Biz hâlâ nutuk atıyoruz

Evvelce yürürdük. Sloganlar atardık. Mitingler yapardık. Nutuklar irad ederdik Filistin için, Eritre için, Moro için.

Şiirler okurduk, şiirler yazardık.

Birinci çoğul kullanıyorum ama kendim için değil. Çok mitinge gittim, ama nutuk atmadım.

Şiir okudum, hâlâ da okurum ama kendi kendime.

Şiir de yazmadım.

Şu dünyada şiir yazmadan geldin geçiyor musun

Hayır, yazmışımdır fakat onu da kendi kendime.

Slogan çok attım.

Bugün de bir mitinge gitsem -bazen gidiyorum- siyaset için değil, Filistin için, Türkistan için, slogan atarım. Fazla bağırmam ama… Fazla bağırınca sesim kısılıyor.

(Bir gün, -sesim kısılıyor deyince hatırladım birden- MTTB'nin Bursa'da mitingi vardı. Tam MTTB ile Akıncılar'ın ayrışmaya başladığı zamanlar. 1977 mi, 78 mi, unuttum şimdi.

Mitingi yaptık. Akşam arkadaşlarla buluştuk.

Kulakları çınlasın, Vedat (Şahin) abi, Osman Bayraktar, Musa Kâhya, daha birkaç kişi var. Benden büyükler. Mitinge katılmamışlar.

Galiba MTTB'ye mesafeliler. Hoş tipik Akıncı da değiller. Ama MTTB'de bir gevşeklik seziyorlar.

Sohbet güzel, herkes konuşuyor. Arada MTTB'nin mitingine de dokunduruyorlar.

Aslında umurumda değil, MTTB veya Akıncılar. Akıncı mitingi de olsa katılırdım o gün.

İyot gibi açıktayım. Bir tek benim sesim kısık. Bütün dokundurmaların ucu bana dokunuyor.

Sesim kısık olduğu için pek lafa girmedim o gün.)

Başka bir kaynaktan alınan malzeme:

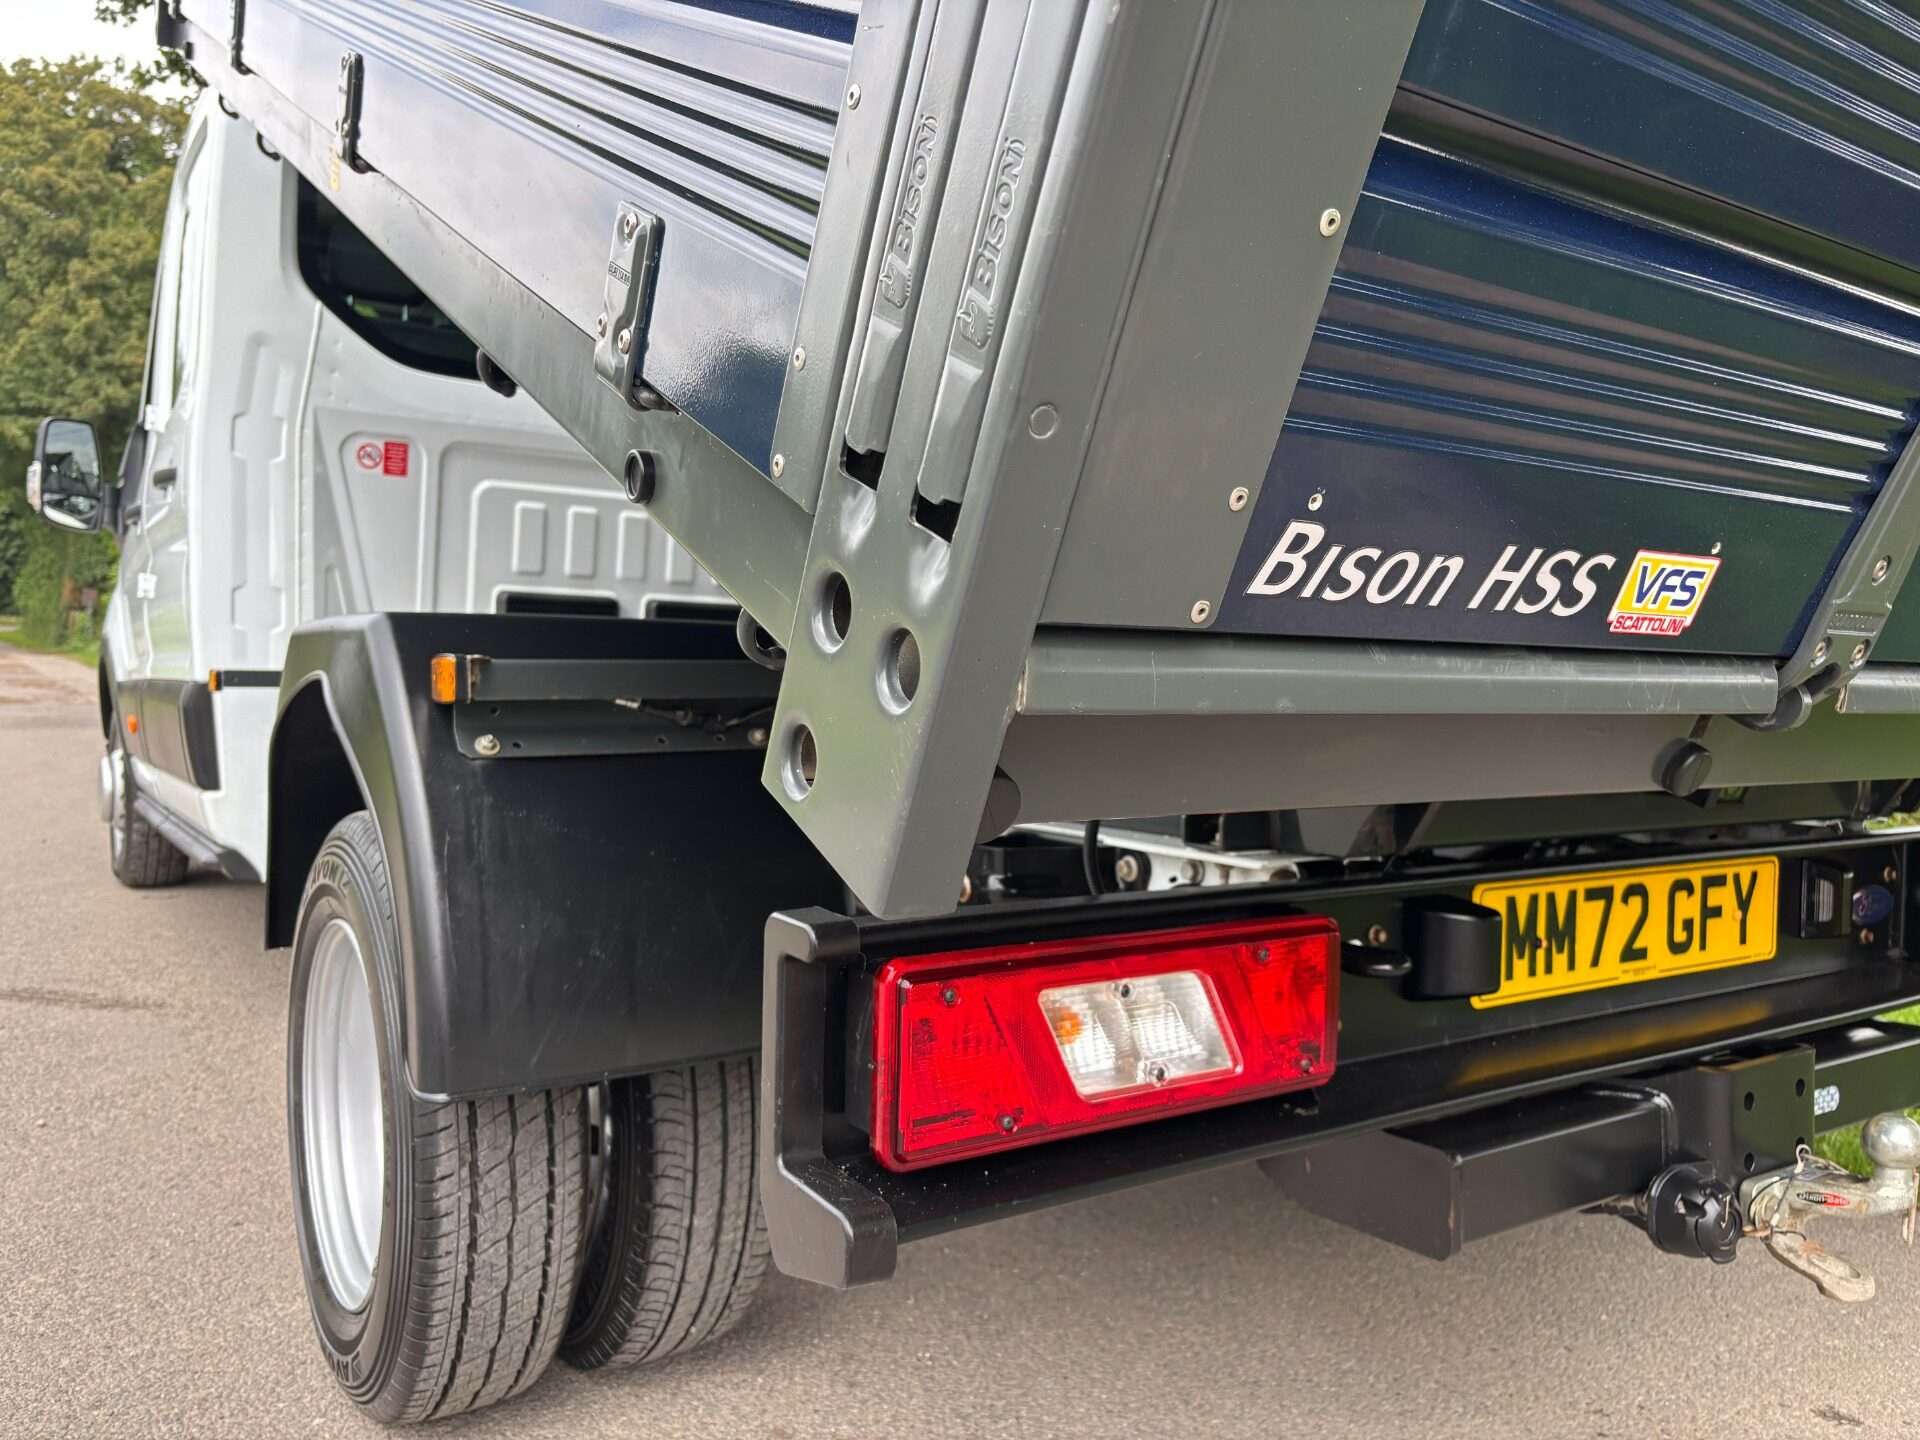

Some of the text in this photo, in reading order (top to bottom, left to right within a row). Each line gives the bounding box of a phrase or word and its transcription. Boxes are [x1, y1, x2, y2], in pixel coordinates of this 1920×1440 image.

[1466, 545, 1617, 617] HSS
[1635, 565, 1706, 607] VFS
[1614, 615, 1685, 633] SCATTOLINI
[1505, 870, 1758, 981] MM72 GFY
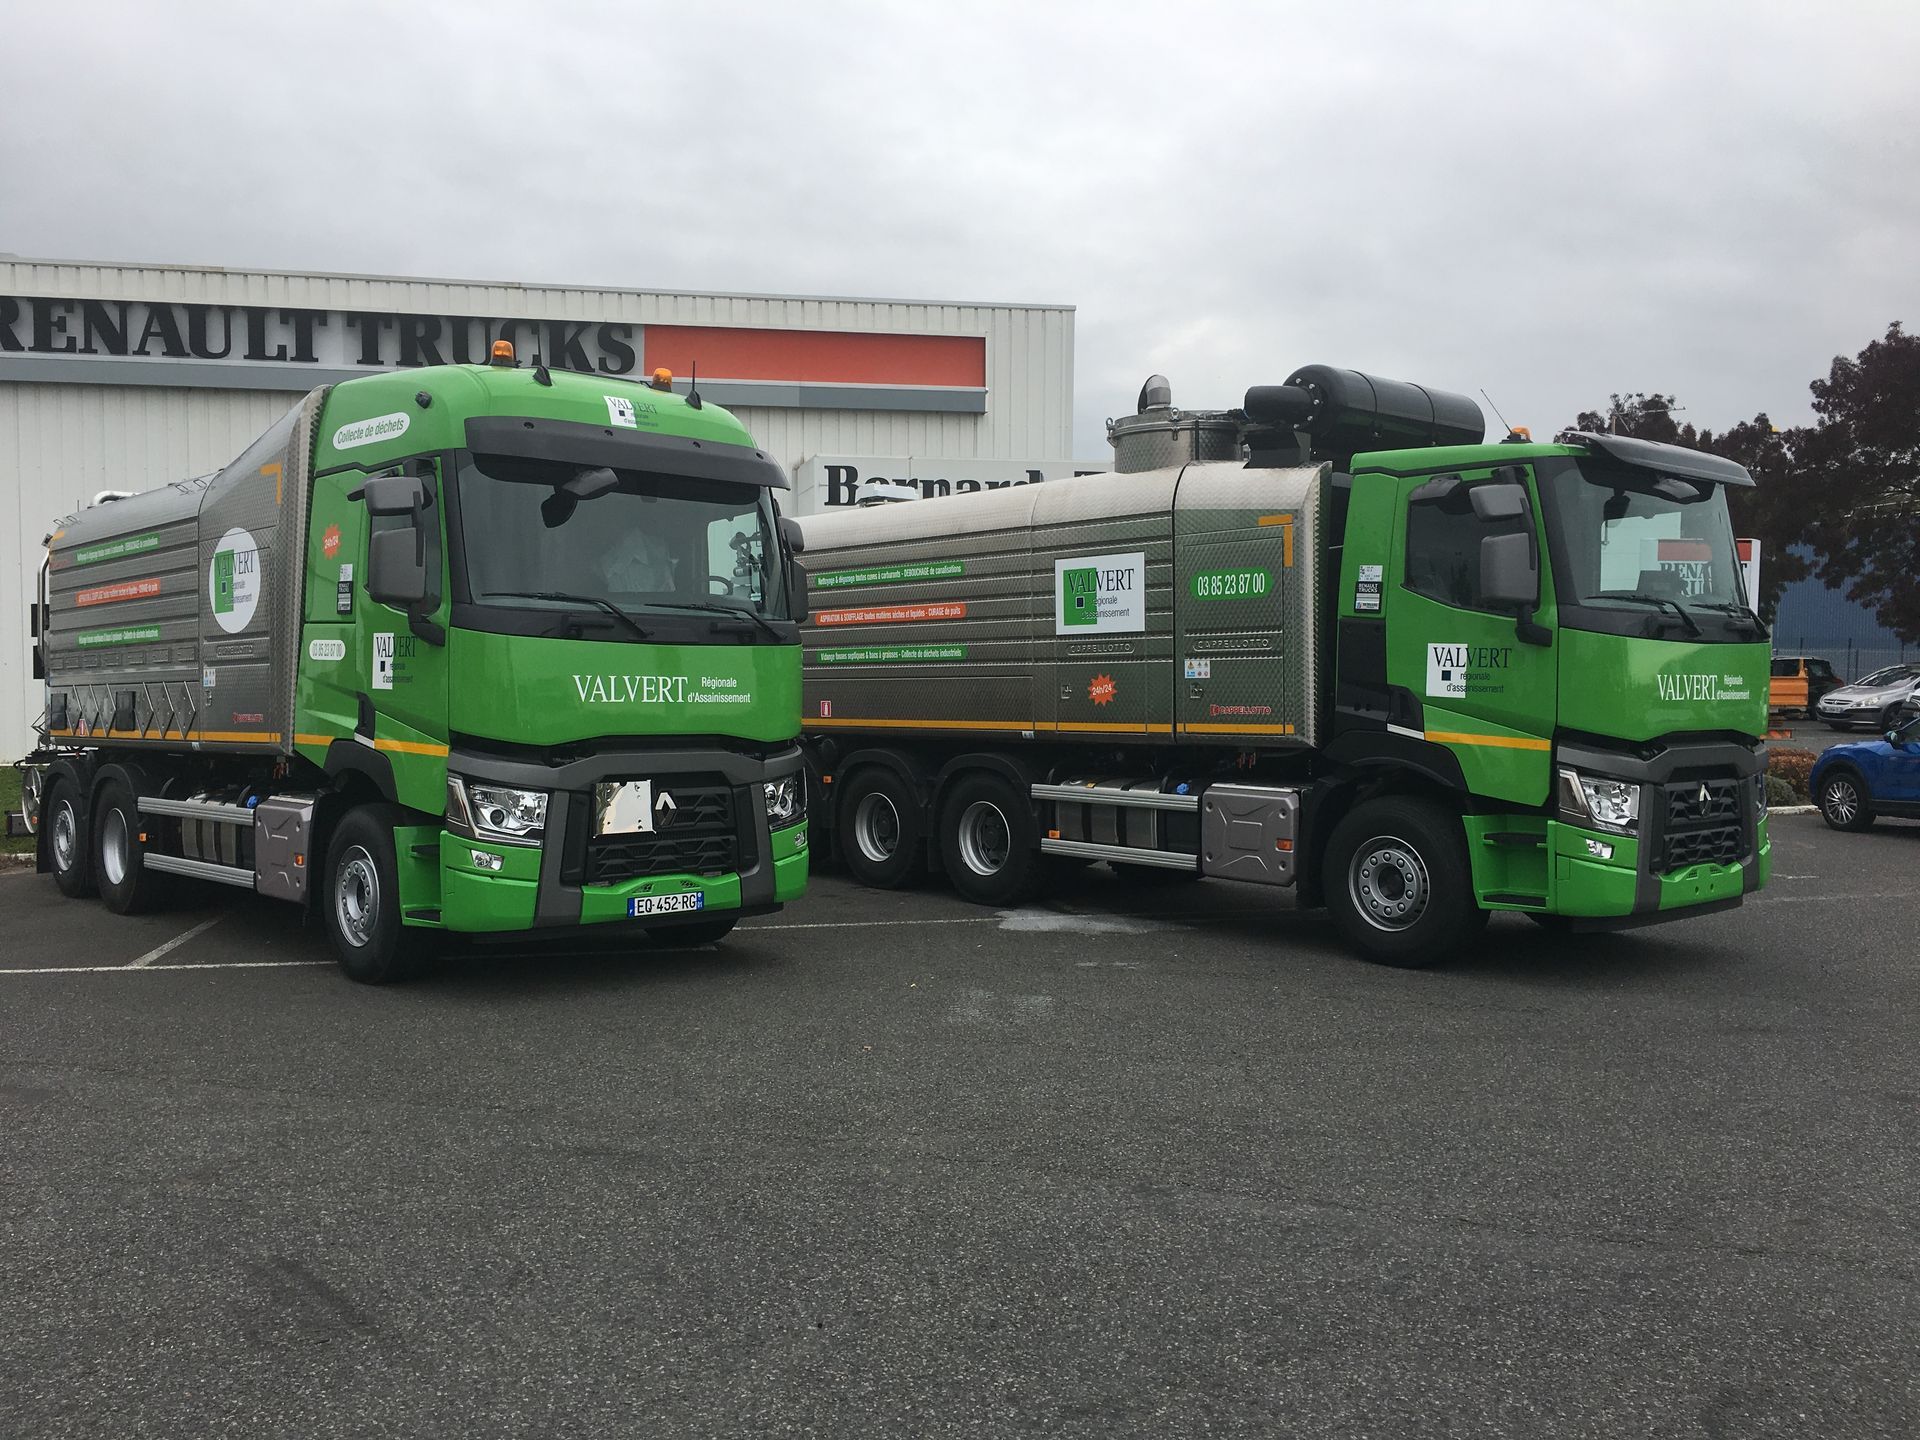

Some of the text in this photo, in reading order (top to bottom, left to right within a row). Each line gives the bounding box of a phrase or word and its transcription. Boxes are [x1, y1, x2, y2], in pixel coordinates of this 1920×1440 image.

[347, 312, 636, 376] TRUCKS
[337, 418, 405, 444] Collecte de déchets
[1068, 568, 1134, 594] VALVERT
[1197, 572, 1265, 596] 03 85 23 87 00
[376, 636, 416, 658] VALVERT
[1198, 638, 1269, 649] CAPPELLOTTO
[1433, 646, 1513, 668] VALVERT
[572, 674, 689, 703] VALVERT
[701, 676, 737, 690] Régionale
[1092, 683, 1113, 696] 24h/24
[1656, 674, 1719, 701] VALVERT
[687, 691, 752, 703] d'Assainissement
[1219, 705, 1272, 715] CAPPELLOTTO

Erdem Bayazıt'ın şiirleri meydanlarda iyi giderdi.

"O ışık ki düşer bir zenci yüreğine/Birden aydınlık kazanır zulme uğramış bütün yürekler/Onulmaz Hint ağrısına tükenmez Çin sancısına/İsyanın Macarcasına ezilmenin Çekoslavakcasına/Yanmanın Polonyacasına direnmenin Vietnamcasına/Gerillanın Arapçasına/Yetişecek elbet benim müjdeci sesim.

Salih Mirzabeyoğlu'nu da anmamız lazım. Moro'nun şiirini o yazmıştır.

Rahmet olsun ikisine de…

"Sen oradan kıracaksın zinciri/Ben buradan/Bir gün mutlaka kavuşacak ellerimiz"

Ya da kulakları çınlasın Ömer Özbay.

"Çağı gelip de/kitâb'a ve demire olan sevdamızı anımsayarak/biteviye dalaşmak, saldırmak, sataşmak/ve vurmak varken karnına karnına zulmün/nedendir böyle anlamsız/ve kavgadan uzakta yaşamak"

Çok mu uzağa gittim

Evet gittim, 40-50 yıl geriye.

O zamanlar muhaliftik. Alabildiğine muhalif.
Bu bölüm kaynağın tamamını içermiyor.